Two batteries can deliver a voltage together of about 3.2V. This is just the right amount to power a very low energy device, such as a remote control. A full charge can power such a remote for somewhere between 10 and 30 button presses. Recharging the batteries takes ten to thirty seconds of shaking at a relatively low frequency. For some devices it may even be enough to walk around with the device in one's pocket. It would take longer to fully recharge, but it would work eventually. The batteries can also be charged while they are in a device. With greater capacity, it is possible that these batteries could eventually create a cell phone that would never need to be plugged into a wall.

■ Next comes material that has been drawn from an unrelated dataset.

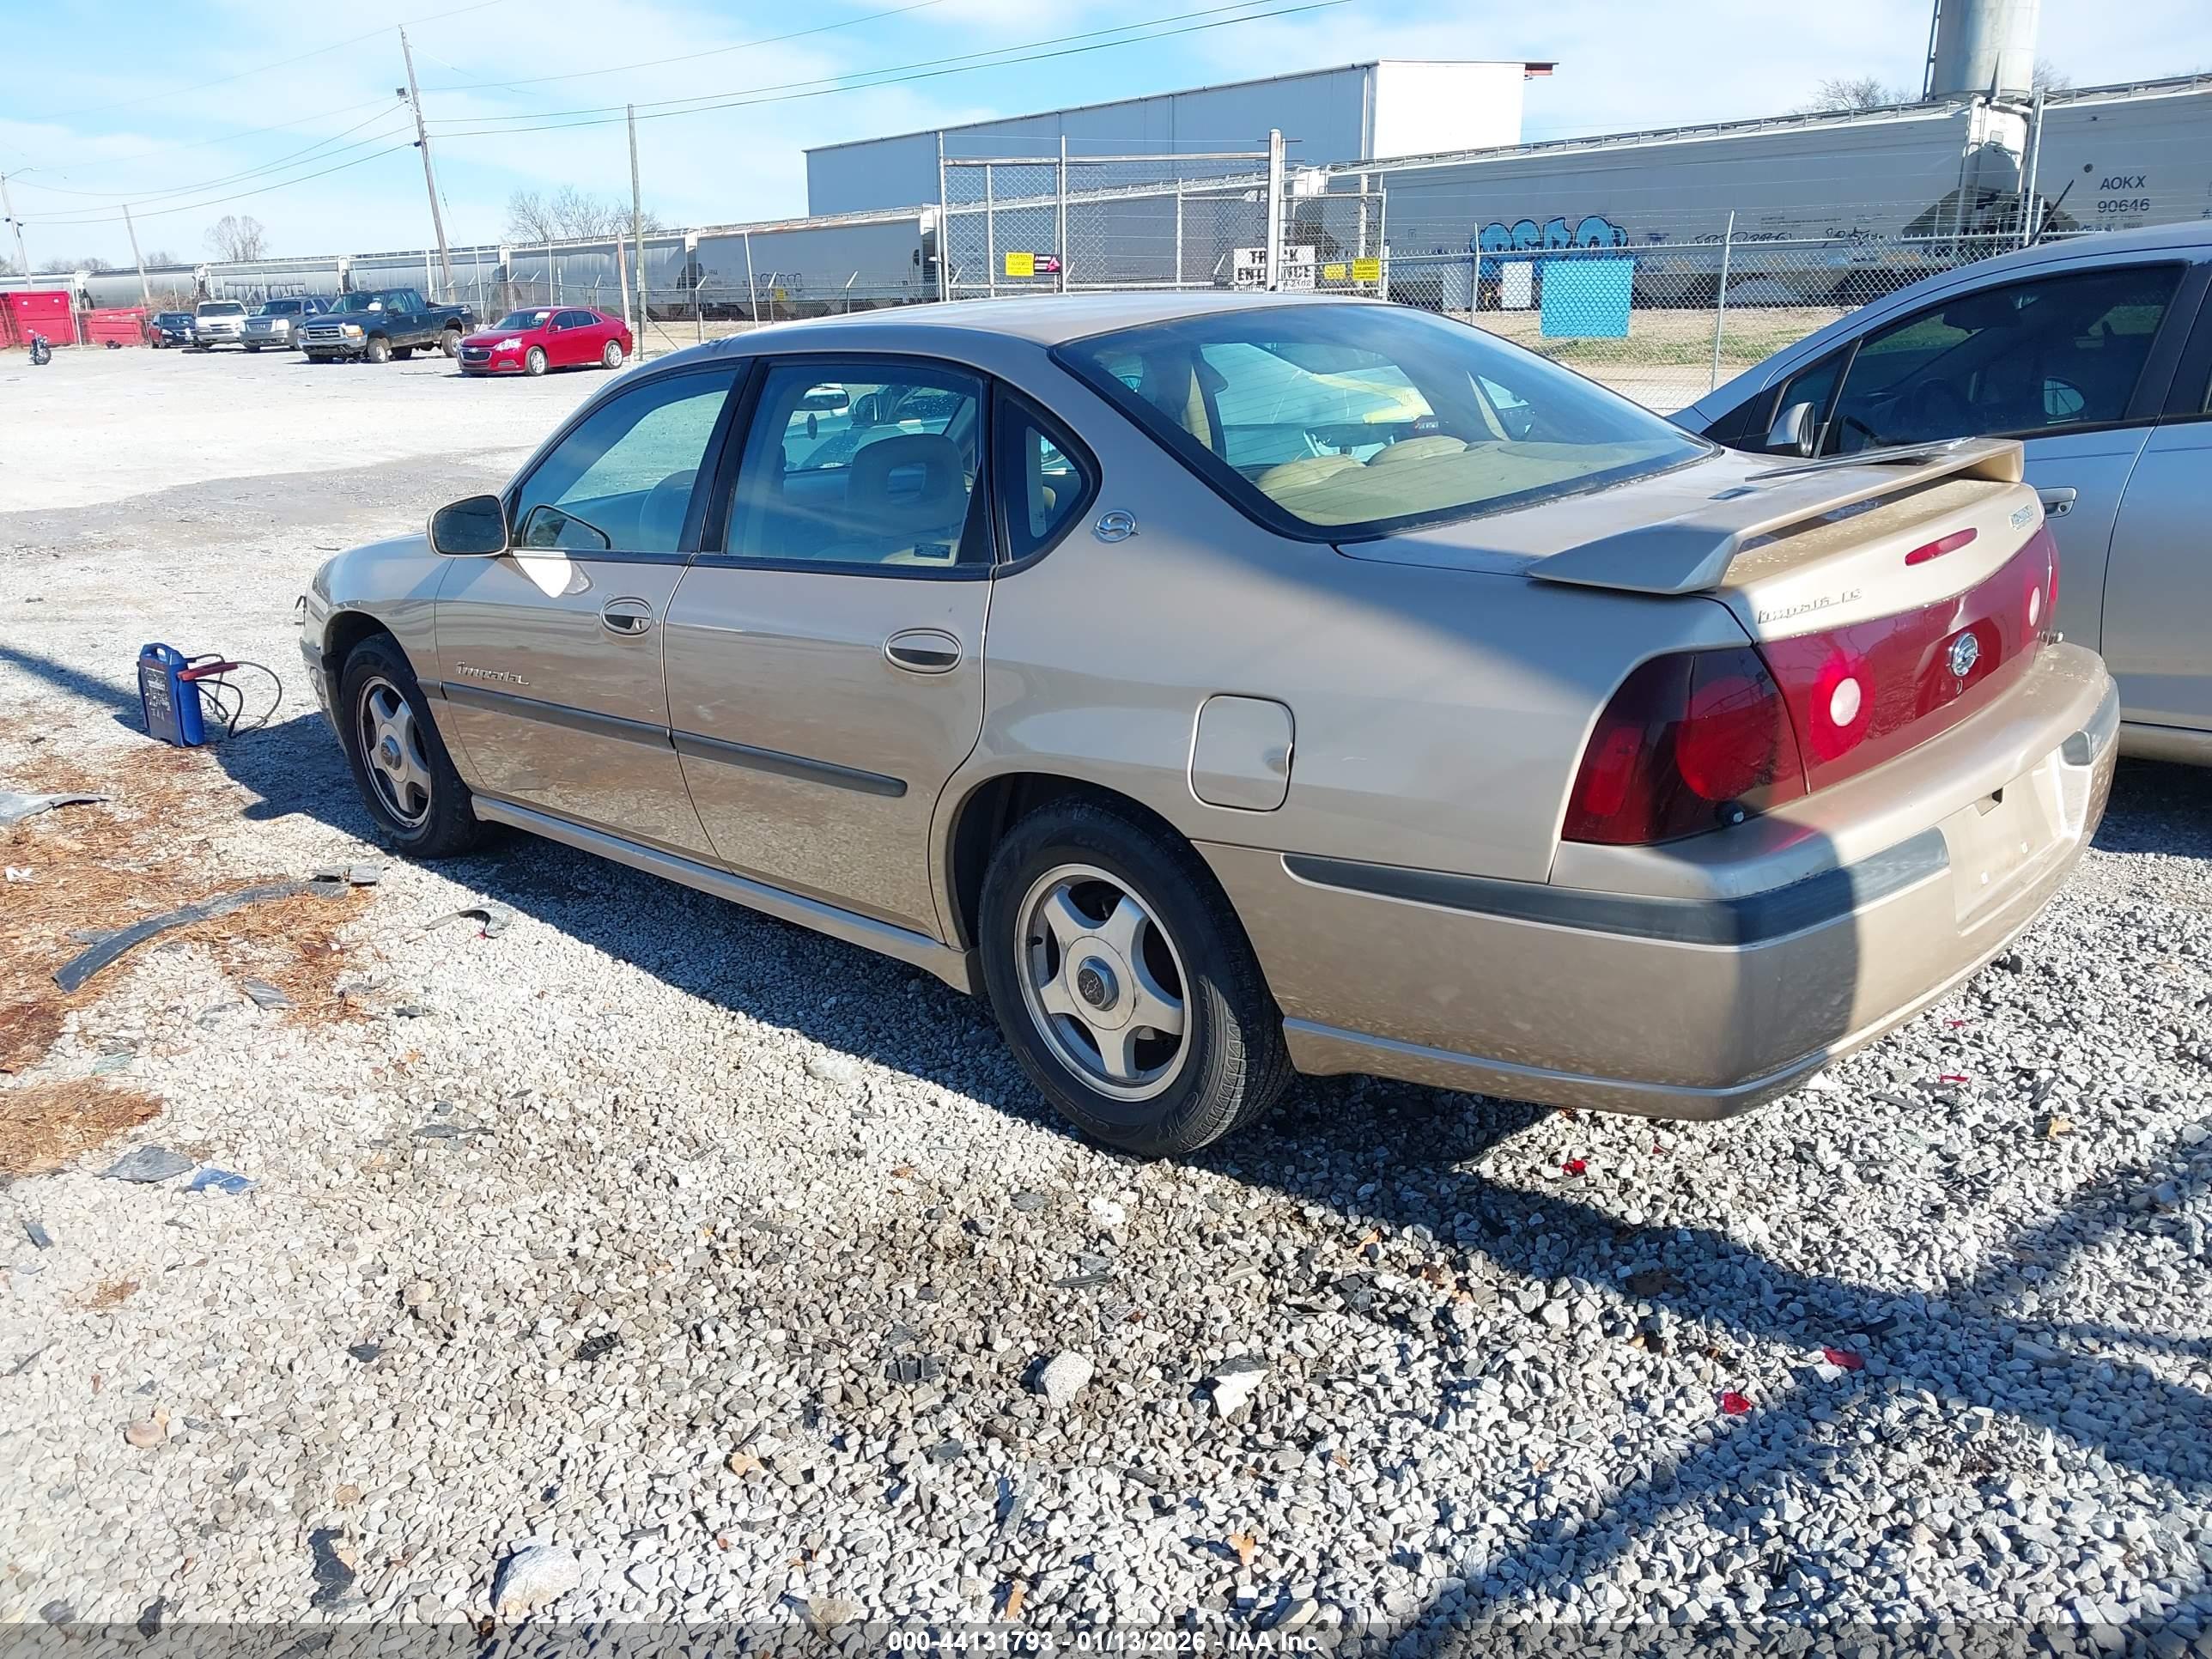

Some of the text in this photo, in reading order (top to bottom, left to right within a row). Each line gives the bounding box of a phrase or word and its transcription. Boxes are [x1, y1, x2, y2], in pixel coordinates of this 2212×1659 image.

This is not the only company that has been working on recharging batteries or powering devices through motion or other natural events. For example, recently a UK company developed prototypes of boots that generate power based on the heat in a person's feet. Just wearing these boots for a twelve hours can generate enough electricity to recharge a cell phone. While neither this nor the batteries are ready for primetime yet, given that they do not generate enough power to be practical, they are simply a step on the way to eliminate disposable batteries.